---------- Records for this exercise ----------

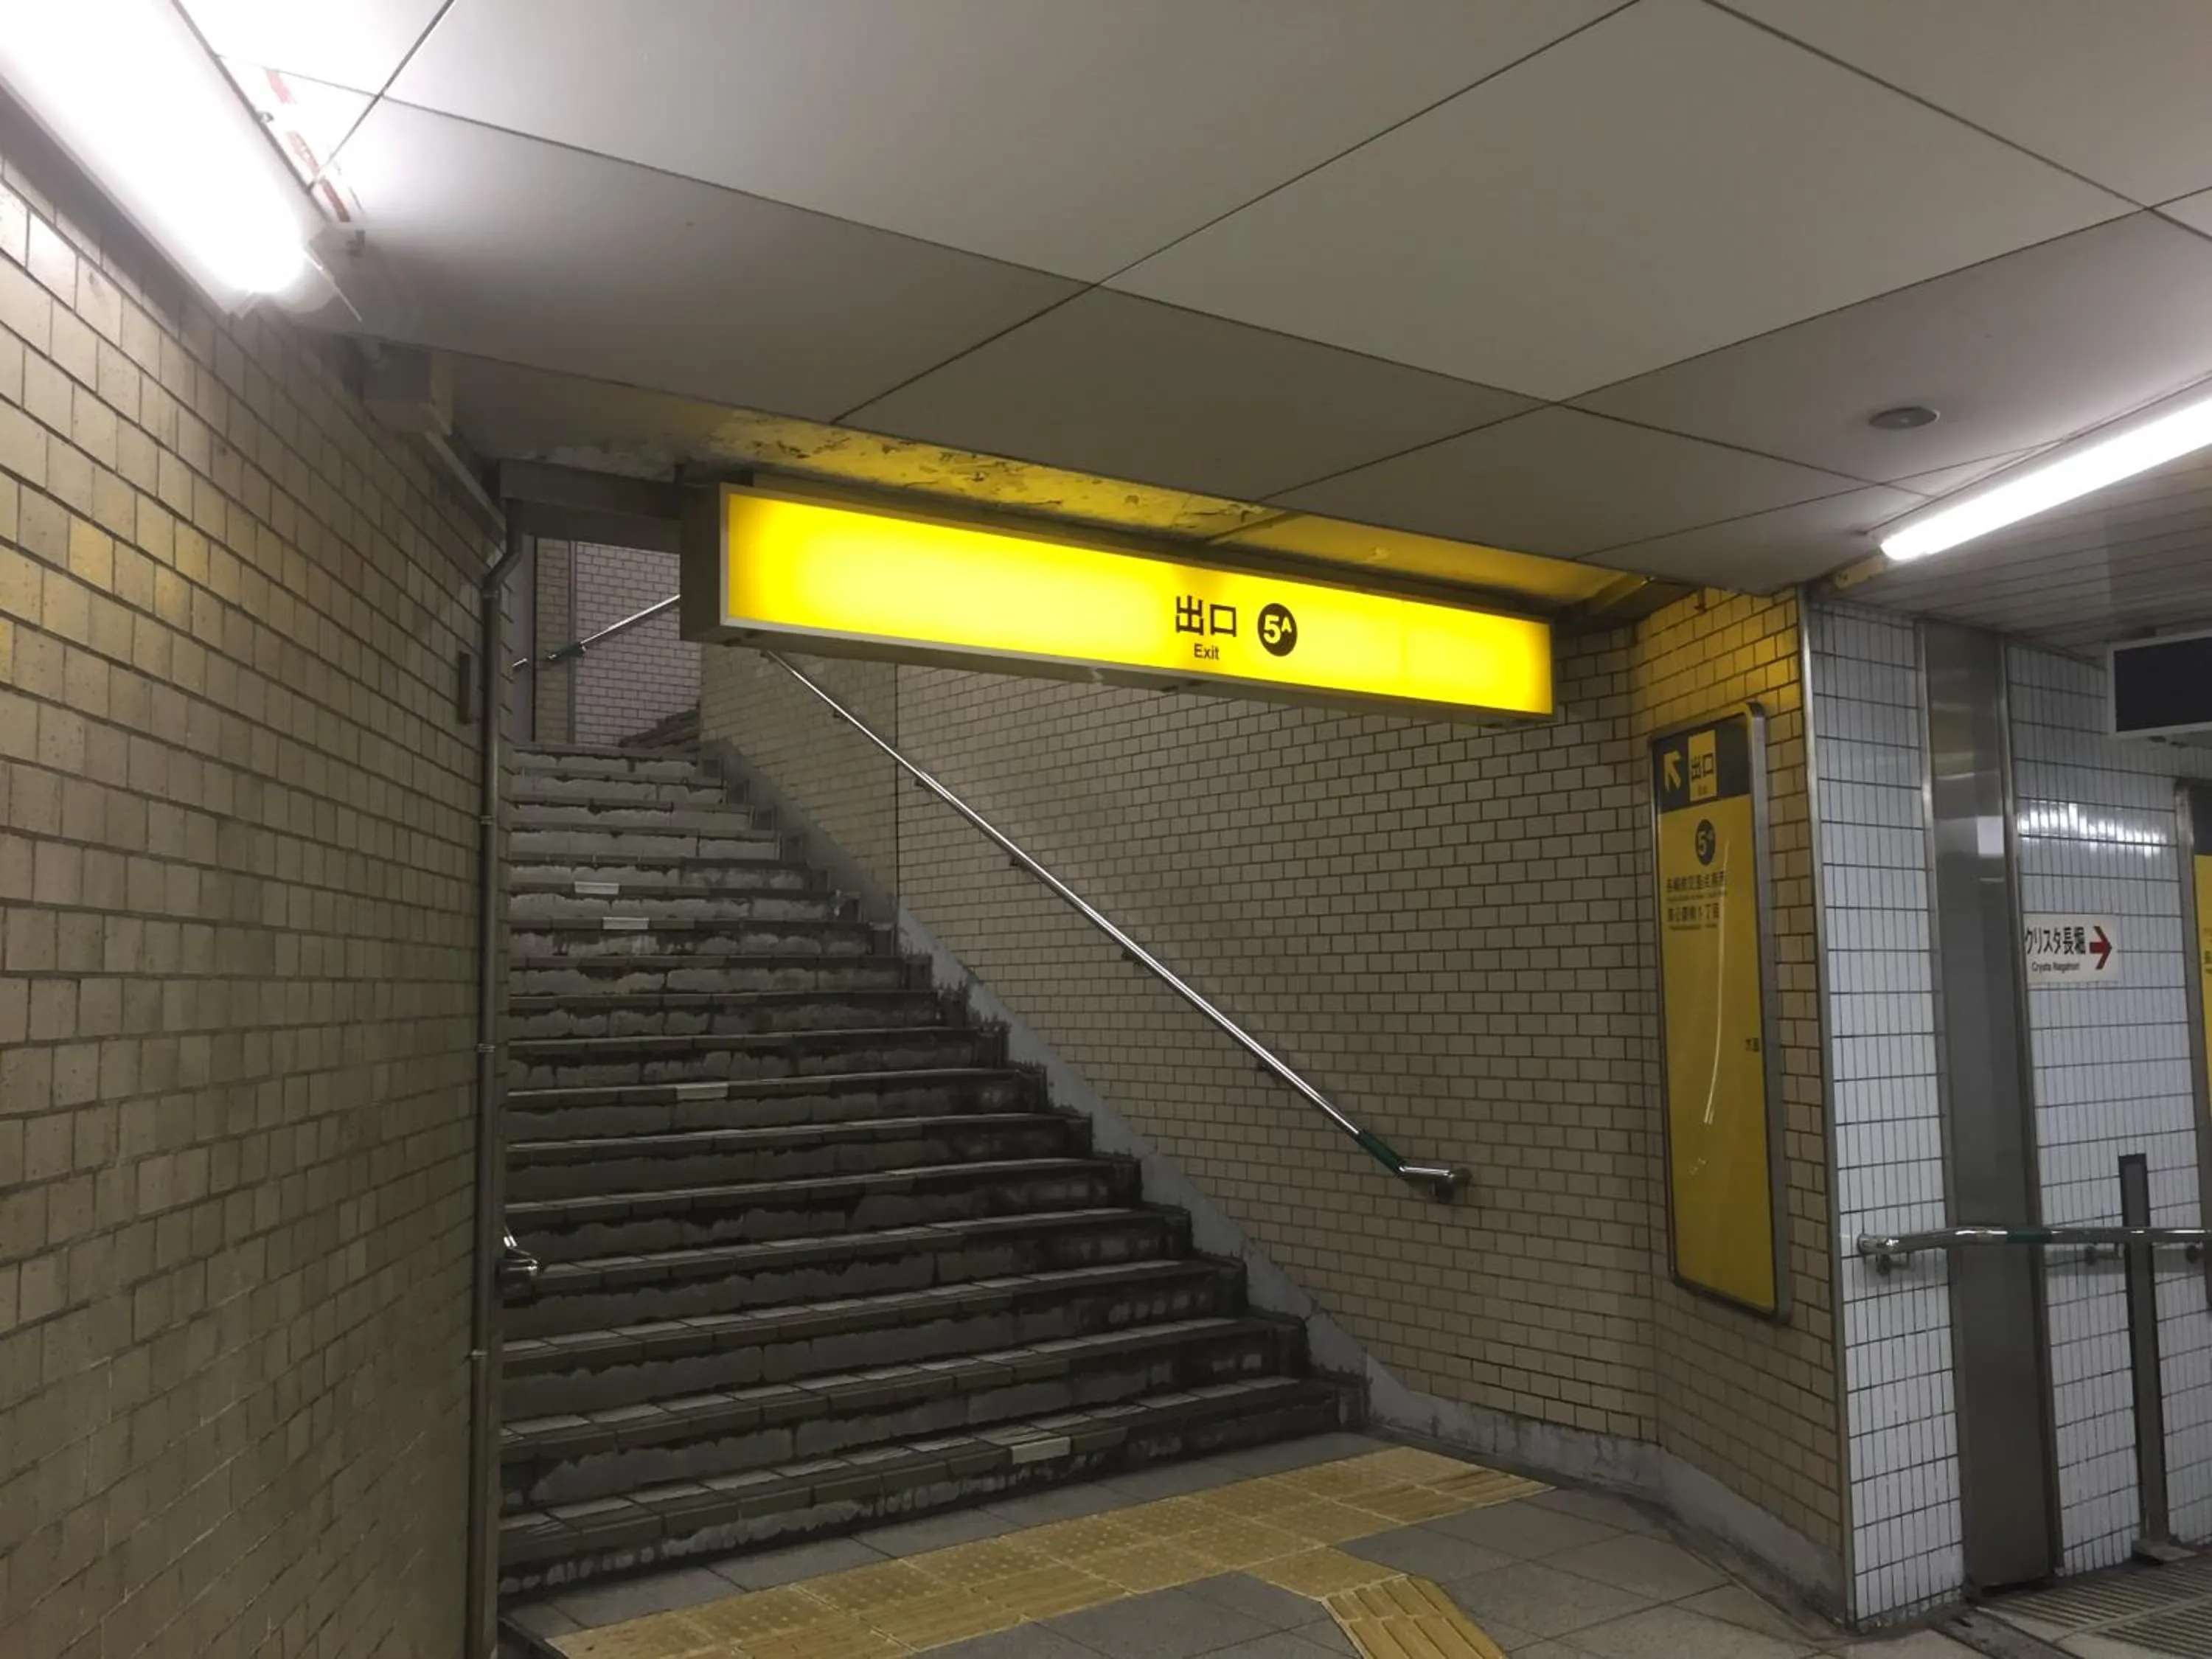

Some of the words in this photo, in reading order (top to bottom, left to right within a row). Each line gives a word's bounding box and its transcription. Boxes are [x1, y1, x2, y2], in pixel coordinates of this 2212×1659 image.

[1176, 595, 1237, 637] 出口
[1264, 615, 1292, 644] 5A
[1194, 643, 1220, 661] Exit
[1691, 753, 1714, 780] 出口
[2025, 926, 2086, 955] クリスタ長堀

----------

Task:
Please reproduce the data above word for word, skipping all images.

Response area:
Some of the words in this photo, in reading order (top to bottom, left to right within a row). Each line gives a word's bounding box and its transcription. Boxes are [x1, y1, x2, y2], in pixel coordinates of this 2212×1659 image.

[1176, 595, 1237, 637] 出口
[1264, 615, 1292, 644] 5A
[1194, 643, 1220, 661] Exit
[1691, 753, 1714, 780] 出口
[2025, 926, 2086, 955] クリスタ長堀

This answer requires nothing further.